> [Exercise details]:
The answer must match the material word for word, with every line included.

--- Data for analysis ---

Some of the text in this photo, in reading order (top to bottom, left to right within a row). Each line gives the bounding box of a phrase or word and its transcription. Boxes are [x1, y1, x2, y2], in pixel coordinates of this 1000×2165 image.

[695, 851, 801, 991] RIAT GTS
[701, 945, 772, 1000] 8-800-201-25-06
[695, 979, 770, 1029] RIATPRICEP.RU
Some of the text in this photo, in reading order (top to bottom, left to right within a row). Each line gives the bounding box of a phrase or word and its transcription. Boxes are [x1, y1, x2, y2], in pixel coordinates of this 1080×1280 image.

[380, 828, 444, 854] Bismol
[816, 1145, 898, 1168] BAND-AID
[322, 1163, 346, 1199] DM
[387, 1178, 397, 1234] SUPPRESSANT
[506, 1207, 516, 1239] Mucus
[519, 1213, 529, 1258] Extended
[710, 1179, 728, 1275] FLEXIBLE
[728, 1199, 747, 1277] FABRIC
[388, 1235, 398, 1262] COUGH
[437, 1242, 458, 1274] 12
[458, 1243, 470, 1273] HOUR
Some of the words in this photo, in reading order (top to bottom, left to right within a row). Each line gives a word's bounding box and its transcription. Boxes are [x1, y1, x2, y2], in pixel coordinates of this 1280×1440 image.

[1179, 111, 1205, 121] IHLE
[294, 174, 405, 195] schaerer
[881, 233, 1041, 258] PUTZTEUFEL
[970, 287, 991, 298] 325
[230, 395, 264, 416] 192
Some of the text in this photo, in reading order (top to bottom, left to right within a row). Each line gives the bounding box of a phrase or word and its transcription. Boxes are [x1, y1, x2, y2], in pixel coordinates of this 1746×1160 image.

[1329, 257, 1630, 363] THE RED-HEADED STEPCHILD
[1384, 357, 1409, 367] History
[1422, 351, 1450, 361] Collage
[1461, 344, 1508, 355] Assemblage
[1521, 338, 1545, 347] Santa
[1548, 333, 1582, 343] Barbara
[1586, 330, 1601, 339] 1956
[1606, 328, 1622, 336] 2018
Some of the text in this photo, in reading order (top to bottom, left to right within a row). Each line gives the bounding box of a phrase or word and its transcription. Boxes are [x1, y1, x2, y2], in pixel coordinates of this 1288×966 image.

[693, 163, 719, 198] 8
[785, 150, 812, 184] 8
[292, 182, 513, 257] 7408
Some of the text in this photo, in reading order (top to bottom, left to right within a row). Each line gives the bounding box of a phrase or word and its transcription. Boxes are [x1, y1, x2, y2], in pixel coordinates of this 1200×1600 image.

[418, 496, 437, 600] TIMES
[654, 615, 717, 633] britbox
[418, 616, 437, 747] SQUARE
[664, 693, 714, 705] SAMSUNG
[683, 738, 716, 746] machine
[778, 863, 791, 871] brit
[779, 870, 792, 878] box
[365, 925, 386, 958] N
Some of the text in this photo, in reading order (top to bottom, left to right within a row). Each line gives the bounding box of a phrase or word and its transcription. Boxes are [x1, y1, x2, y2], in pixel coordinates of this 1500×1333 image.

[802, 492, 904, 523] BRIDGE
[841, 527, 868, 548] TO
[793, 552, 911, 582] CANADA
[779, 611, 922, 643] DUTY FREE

---

> [Exercise answer]:
Some of the text in this photo, in reading order (top to bottom, left to right within a row). Each line gives the bounding box of a phrase or word and its transcription. Boxes are [x1, y1, x2, y2], in pixel coordinates of this 1000×2165 image.

[695, 851, 801, 991] RIAT GTS
[701, 945, 772, 1000] 8-800-201-25-06
[695, 979, 770, 1029] RIATPRICEP.RU
Some of the text in this photo, in reading order (top to bottom, left to right within a row). Each line gives the bounding box of a phrase or word and its transcription. Boxes are [x1, y1, x2, y2], in pixel coordinates of this 1080×1280 image.

[380, 828, 444, 854] Bismol
[816, 1145, 898, 1168] BAND-AID
[322, 1163, 346, 1199] DM
[387, 1178, 397, 1234] SUPPRESSANT
[506, 1207, 516, 1239] Mucus
[519, 1213, 529, 1258] Extended
[710, 1179, 728, 1275] FLEXIBLE
[728, 1199, 747, 1277] FABRIC
[388, 1235, 398, 1262] COUGH
[437, 1242, 458, 1274] 12
[458, 1243, 470, 1273] HOUR
Some of the words in this photo, in reading order (top to bottom, left to right within a row). Each line gives a word's bounding box and its transcription. Boxes are [x1, y1, x2, y2], in pixel coordinates of this 1280×1440 image.

[1179, 111, 1205, 121] IHLE
[294, 174, 405, 195] schaerer
[881, 233, 1041, 258] PUTZTEUFEL
[970, 287, 991, 298] 325
[230, 395, 264, 416] 192
Some of the text in this photo, in reading order (top to bottom, left to right within a row). Each line gives the bounding box of a phrase or word and its transcription. Boxes are [x1, y1, x2, y2], in pixel coordinates of this 1746×1160 image.

[1329, 257, 1630, 363] THE RED-HEADED STEPCHILD
[1384, 357, 1409, 367] History
[1422, 351, 1450, 361] Collage
[1461, 344, 1508, 355] Assemblage
[1521, 338, 1545, 347] Santa
[1548, 333, 1582, 343] Barbara
[1586, 330, 1601, 339] 1956
[1606, 328, 1622, 336] 2018
Some of the text in this photo, in reading order (top to bottom, left to right within a row). Each line gives the bounding box of a phrase or word and its transcription. Boxes are [x1, y1, x2, y2], in pixel coordinates of this 1288×966 image.

[693, 163, 719, 198] 8
[785, 150, 812, 184] 8
[292, 182, 513, 257] 7408
Some of the text in this photo, in reading order (top to bottom, left to right within a row). Each line gives the bounding box of a phrase or word and its transcription. Boxes are [x1, y1, x2, y2], in pixel coordinates of this 1200×1600 image.

[418, 496, 437, 600] TIMES
[654, 615, 717, 633] britbox
[418, 616, 437, 747] SQUARE
[664, 693, 714, 705] SAMSUNG
[683, 738, 716, 746] machine
[778, 863, 791, 871] brit
[779, 870, 792, 878] box
[365, 925, 386, 958] N
Some of the text in this photo, in reading order (top to bottom, left to right within a row). Each line gives the bounding box of a phrase or word and its transcription. Boxes are [x1, y1, x2, y2], in pixel coordinates of this 1500×1333 image.

[802, 492, 904, 523] BRIDGE
[841, 527, 868, 548] TO
[793, 552, 911, 582] CANADA
[779, 611, 922, 643] DUTY FREE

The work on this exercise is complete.